Maurício de Nassau, oriundo de nobre família europeia teve esmerada formação militar e acadêmica. De acordo com Veras (1989, p. 53) “sua formação era sobretudo militar, para ela fora orientado desde a infância. Tinha no sangue o vírus da luta, do combate, tanto ao nível físico quanto mental. Quanto à sua intelectualidade o mesmo autor afirma que “era um homem culto, versado em diversas áreas do conhecimento humano [...] eloquente, escrevia com elegância, seu estilo fluía, conciso e preciso. Redigia corretamente em alemão, francês, latim e holandês.”.
Essa amplitude intelectual é corroborada por Gouveia ao afirmar que “recebera uma educação tão esmerada quanto permitiam aqueles tempos tumultuosos da Guerra dos Trinta Anos, cedo iniciara uma vitoriosa carreira militar, atividade que, entretanto, não diminuiria em Nassau pendor maior para os estudos humanísticos” (1998, p.37).
Dessa forma foi forjado o homem Nassau naqueles tempos de efervescência cultural e científica. Como consequência, desenvolveu-se, no entendimento de Veras (1989):
uma inteligência acima do normal. Ao ouvir o depoimento de um subalterno sobre qualquer assunto, ligeiro percebia o panorama geral. Concluía o processo com rara facilidade, antevia as soluções que ainda brilhavam longe, distantes. Raciocinava rápido e desdobrava os argumentos numa velocidade impressionante. Achava as respostas imediatas para os problemas administrativos que se lhe deparavam (VERAS,1989, p. 45).

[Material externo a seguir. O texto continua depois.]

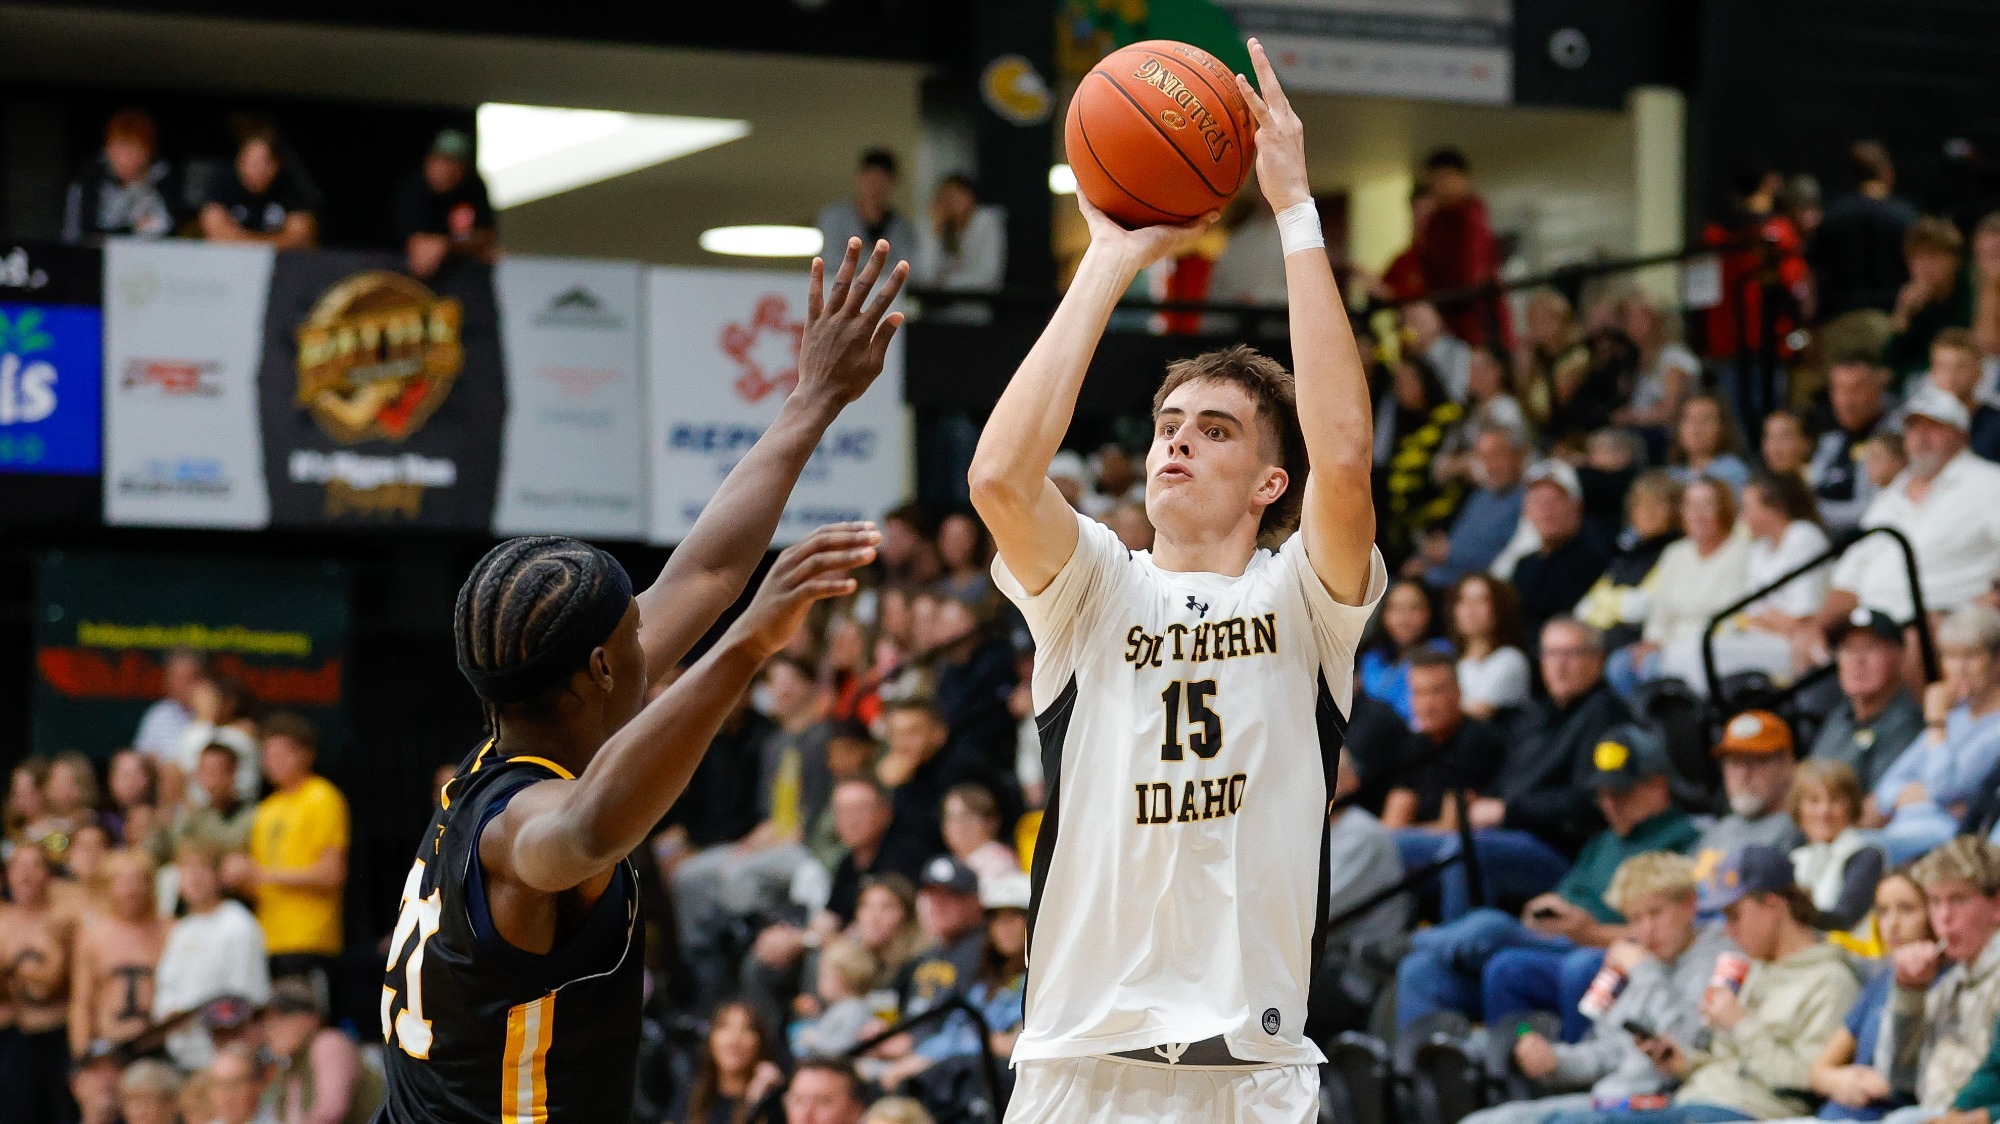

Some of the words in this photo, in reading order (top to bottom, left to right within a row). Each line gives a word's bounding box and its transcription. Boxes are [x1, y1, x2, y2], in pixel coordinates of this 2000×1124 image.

38 Intelectual e professor holandês que no século passado morou no Brasil José van den Besselaar ensinando em
Evaldo Cabral de Mello em preciosa obra biográfica sobre Nassau alerta, logo no prefácio, que é corriqueiro alguns equívocos serem cometidos em relação a essa figura histórica. Em primeiro lugar ele não tinha o título de príncipe quando esteve governando o Brasil holandês; oficialmente era conde. Tal grau nobiliárquico só veio a fazer jus em 1653. Esse tratamento dispensado no Brasil se devia ao fato de ter angariado a simpatia dos lusos brasileiros que faziam questão de afagar sua vaidade, que, por sinal, não era menor do que a dos nativos, cuja “satisfação de se verem governados por alguém de tão alta linhagem aristocrática” (MELLO, 2006, p.12).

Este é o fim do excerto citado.